Ok hopefully I posted this in the correct forum...............I am looking to take my kids on a nice xmas vacation this December. We live in Arizona so as you can imagine snow in December is highly unlikely. Anyway we are going to fly into Denver , and I would appreciate anyones feedback on which mountains would be the best for me to take them to. I am trying to find a mountain that will have a lot of cabin homes to choose from (I prefer not to stay in a hotel with the kids). Just want to stay somewhere that they can slide , possibly teach them to snowboard, lots of activities in town for the kids, and basically just someplace we can enjoy the outdoor life since we are coming from a place where it has been 110 degrees for 4 months. 
Anyone with any feedback , links , or words of wisdom would be very very much appreciated. We do not get to take trips too often and I would just like to make this one really count. Please respond with any tips here or you can even email me at [email protected] (its my work email that I see immediately). Thanks so much guys!!! I love this forum.


----------



## killclimbz (Aug 10, 2007)

You are probably going to want to look at Summit County (Keystone, Breck, Copper) or Winterpark. 

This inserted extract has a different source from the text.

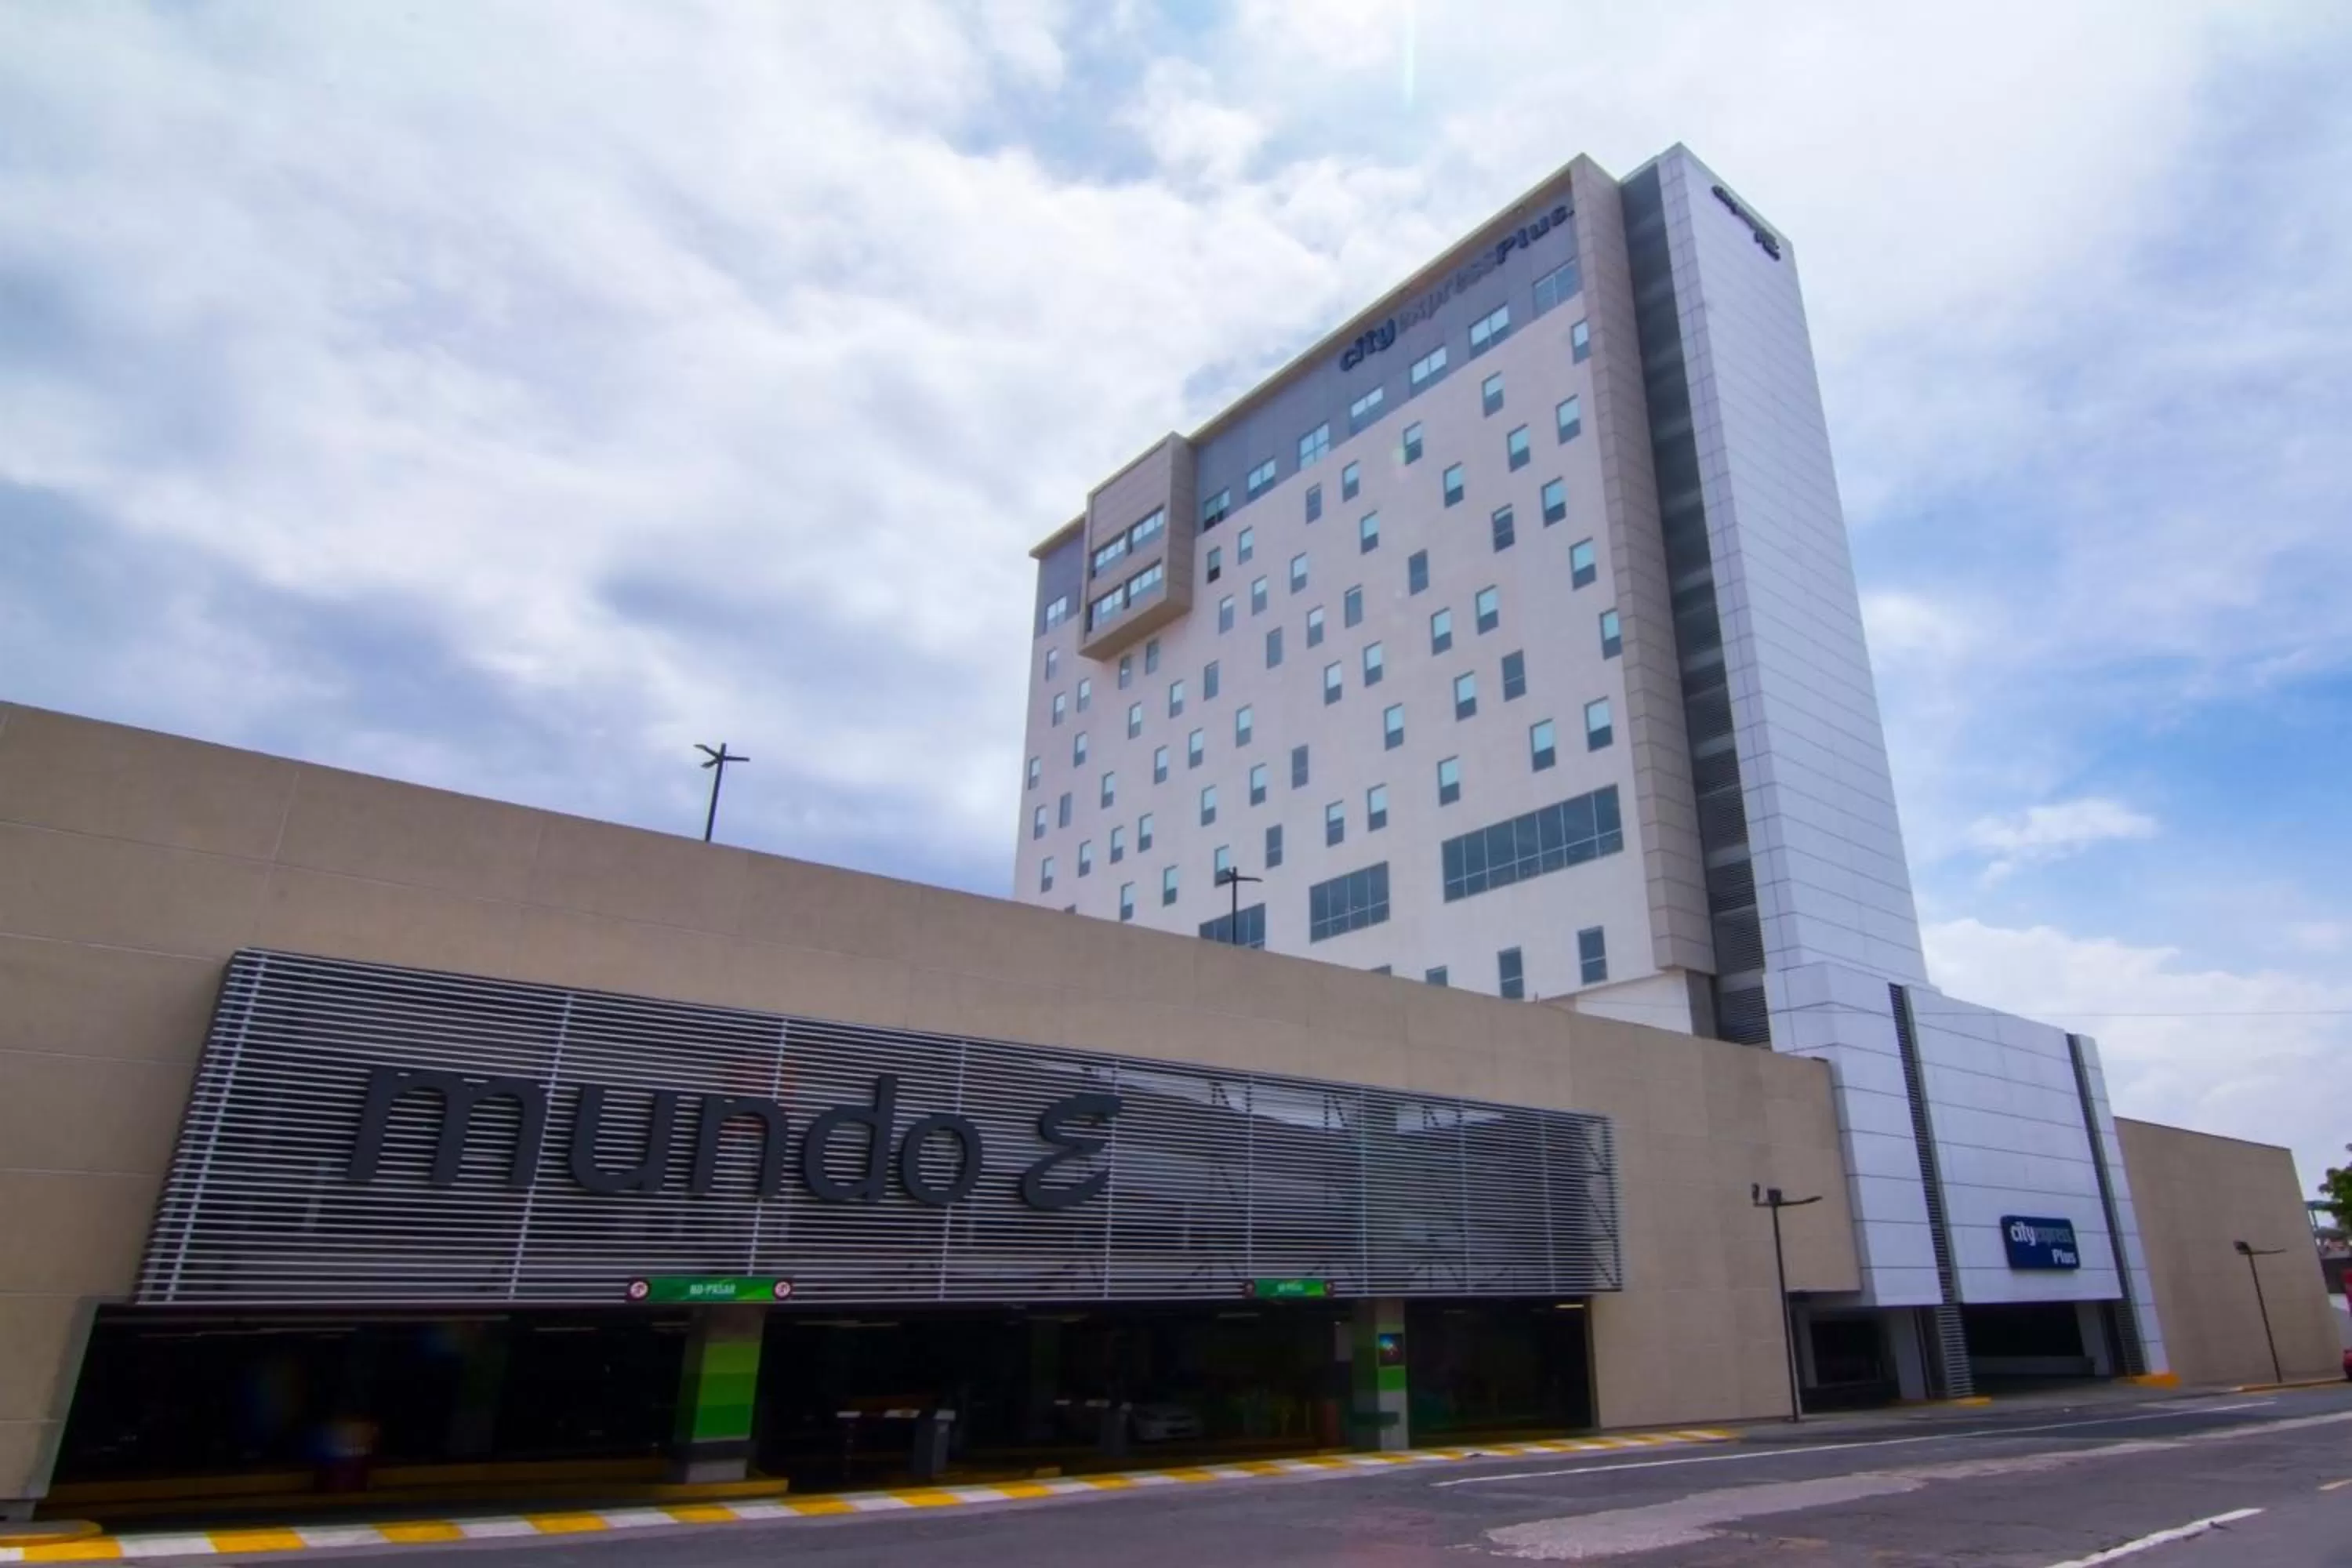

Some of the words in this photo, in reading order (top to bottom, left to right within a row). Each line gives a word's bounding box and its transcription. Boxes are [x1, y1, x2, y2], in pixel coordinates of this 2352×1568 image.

[1340, 318, 1396, 372] city
[346, 1068, 982, 1206] mundo
[2009, 1221, 2036, 1247] city

Cabins, or houses as we like to call them are most likely going to be found at VRBO.com. 

There are lot's of condos that will probably suit your needs. A lot of those are walk out the door, across the quad to the lift type condos. VRBO will have some, the resort itself will be hooked up with them. If you are considering condos, then Vail will have these too. 

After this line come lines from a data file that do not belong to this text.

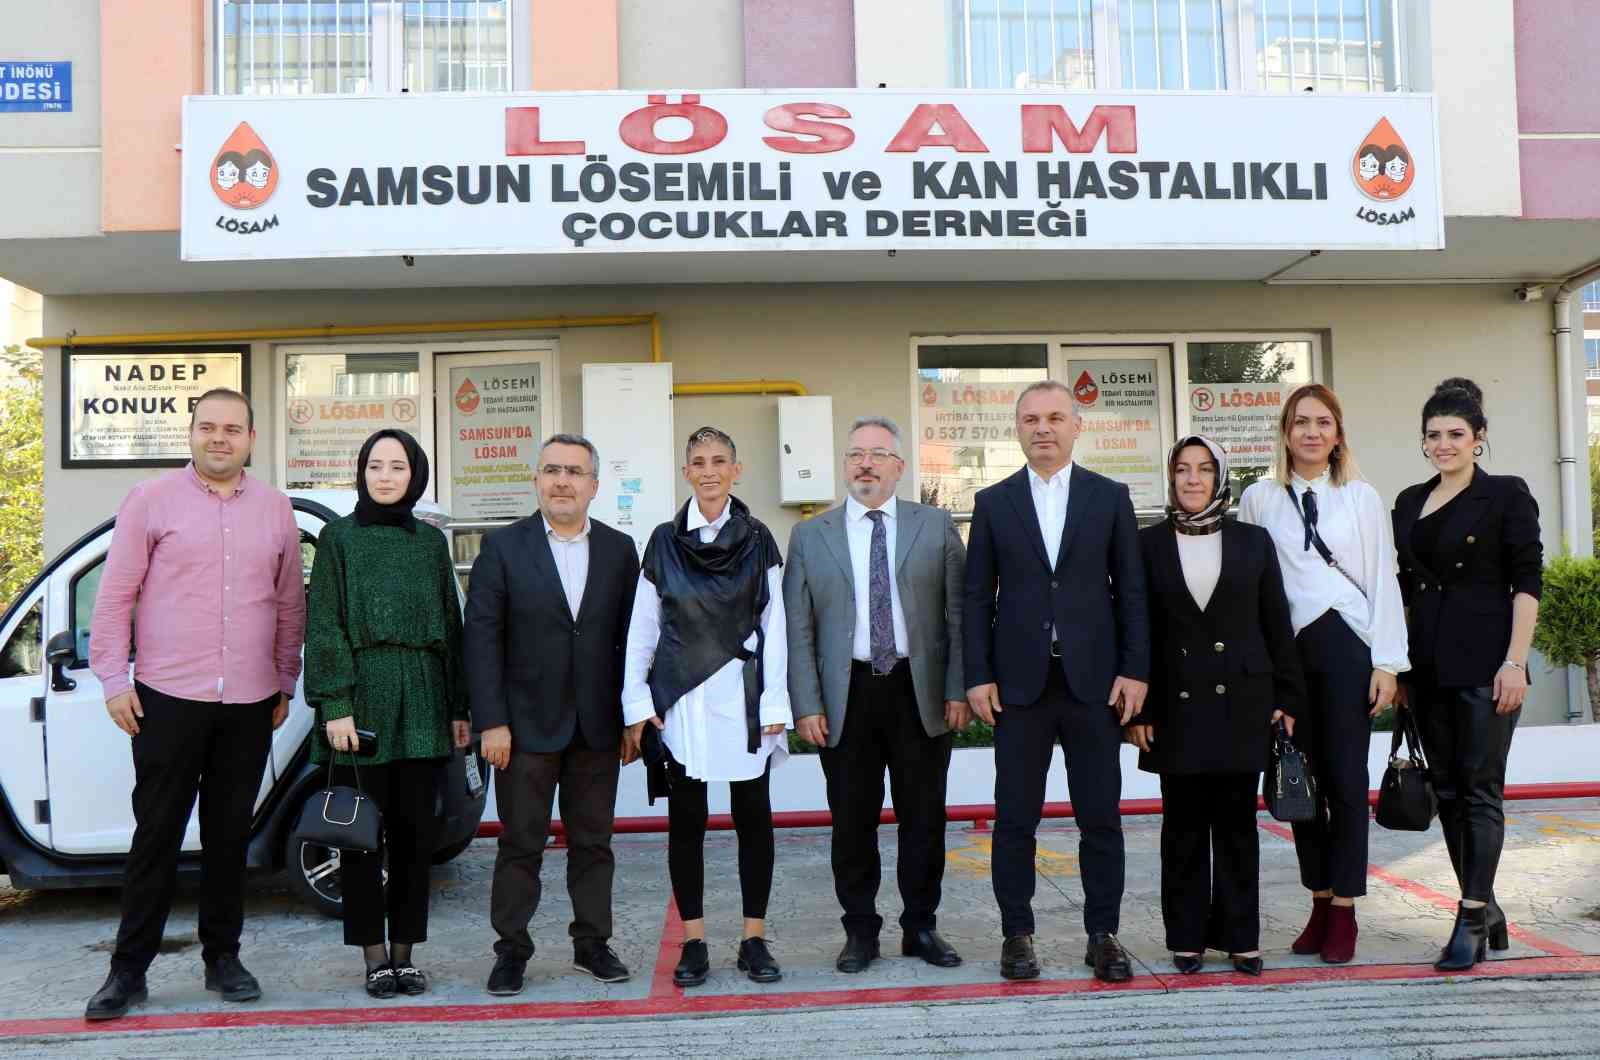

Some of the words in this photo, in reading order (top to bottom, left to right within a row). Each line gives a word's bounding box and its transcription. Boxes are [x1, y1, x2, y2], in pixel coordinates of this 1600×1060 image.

[11, 63, 54, 79] İNÖNÜ
[505, 94, 1138, 157] LÖSAM
[306, 164, 531, 208] SAMSUN
[822, 169, 882, 201] ve
[912, 160, 1018, 199] KAN
[1036, 160, 1328, 200] HASTALIKLI
[215, 213, 280, 235] LÖSAM
[1355, 205, 1416, 226] LÖSAM
[562, 210, 849, 247] ÇOCUKLAR
[105, 364, 208, 382] NADEP
[1102, 371, 1152, 384] LÖSEMİ
[484, 375, 535, 391] LÖSEMİ
[952, 385, 1016, 405] LÖSAM
[1220, 388, 1281, 408] LÖSAM
[83, 397, 177, 414] KONUK
[320, 401, 385, 420] LÖSAM
[977, 412, 1017, 422] TELEFO
[459, 425, 533, 442] SAMSUN'DA
[925, 427, 934, 439] 0
[939, 427, 965, 439] 537
[971, 427, 999, 439] 570
[474, 444, 518, 459] LÖSAM

All are within a couple hours drive of DIA. Vail being the furthest out on that timeframe, so therefore a two hour drive. You can shave a half an hour or more at the other spots.


----------



## WasatchMan (Aug 30, 2011)

Eh, everything is pretty spread out in Colorado. Especially from Denver, don't get me wrong they have great resorts, but have you thought about Salt Lake City? I mean you have 7 resorts 25-30 minutes from downtown Salt Lake.

Also if you don't like hotels or being in a city you have Park City - which is like 38 seconds from 3 of the 7 resorts, tons of stuff to do, great town, restaurants, cabins. Oh and more snow and nature than you can handle. 

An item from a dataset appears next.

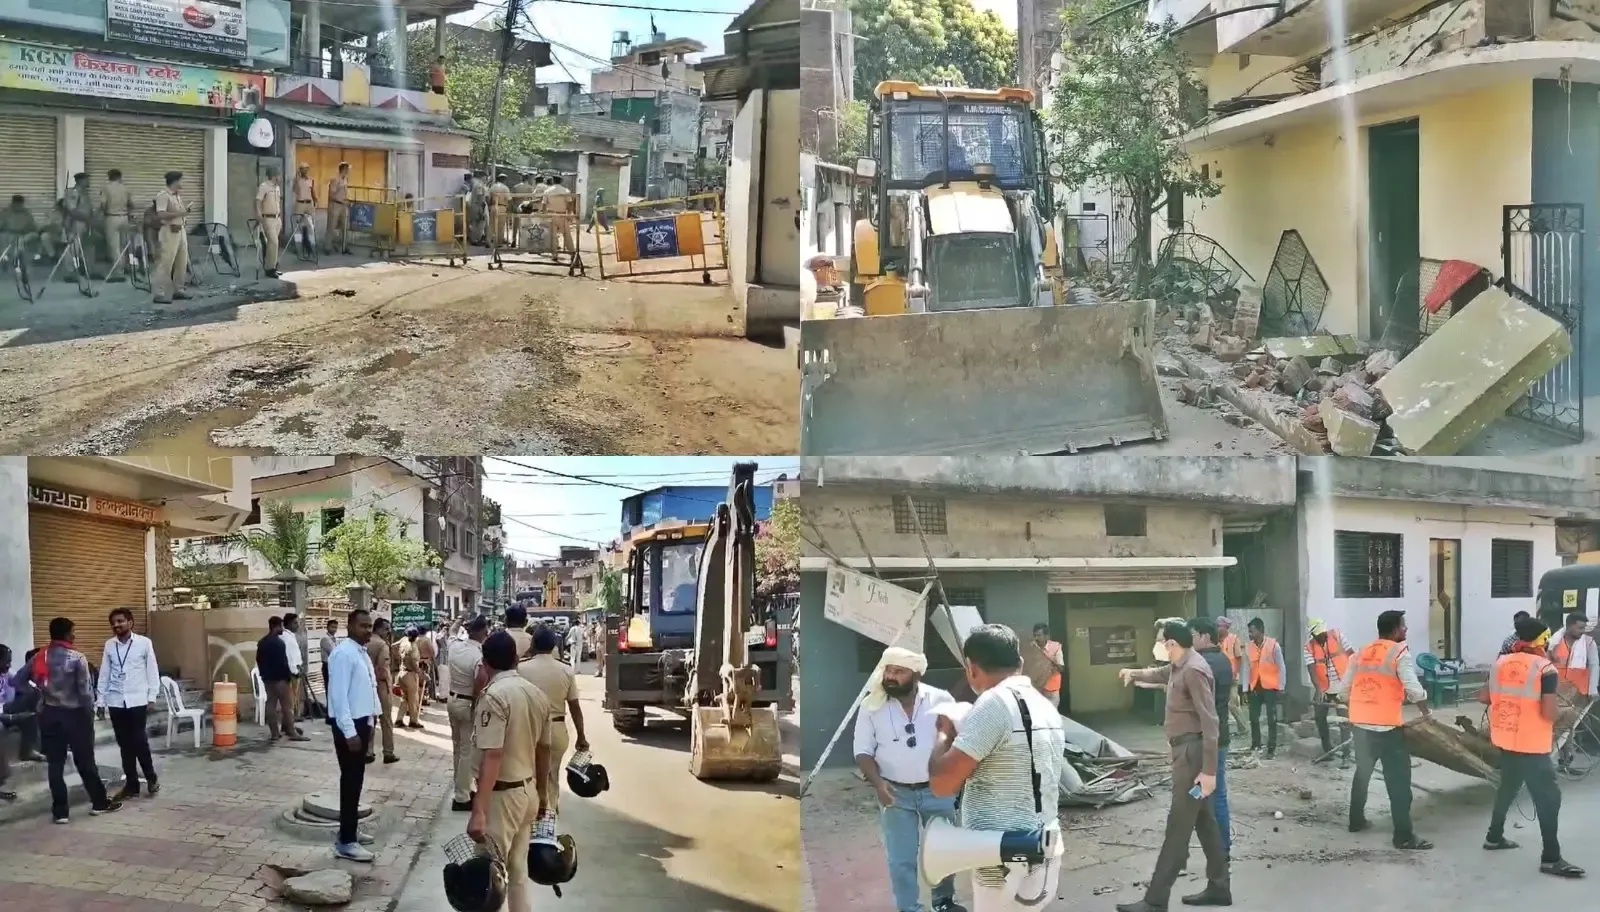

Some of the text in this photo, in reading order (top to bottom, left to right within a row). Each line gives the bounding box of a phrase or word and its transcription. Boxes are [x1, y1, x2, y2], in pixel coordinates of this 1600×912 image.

[20, 47, 68, 66] KGN
[72, 51, 181, 80] किराना स्टोर

Just saying check it out, I always like to have options. Both places are great, I just like the feel of Utah better, Colorado is awesome but very spread out.


----------



## killclimbz (Aug 10, 2007)

If I understand the OP correctly he is looking for a place to stay in the mountains, not in Denver...


----------



## Sick-Pow (May 5, 2008)

Winter Park/Mary Jane is great for families and the town rocks. Good, affordable non-resort housing options and the mtn is fun. Amazing learning area/staff. The resort part is OK, but I prefer to stay 2min away just before town. Van service from the airport for all the major resorts.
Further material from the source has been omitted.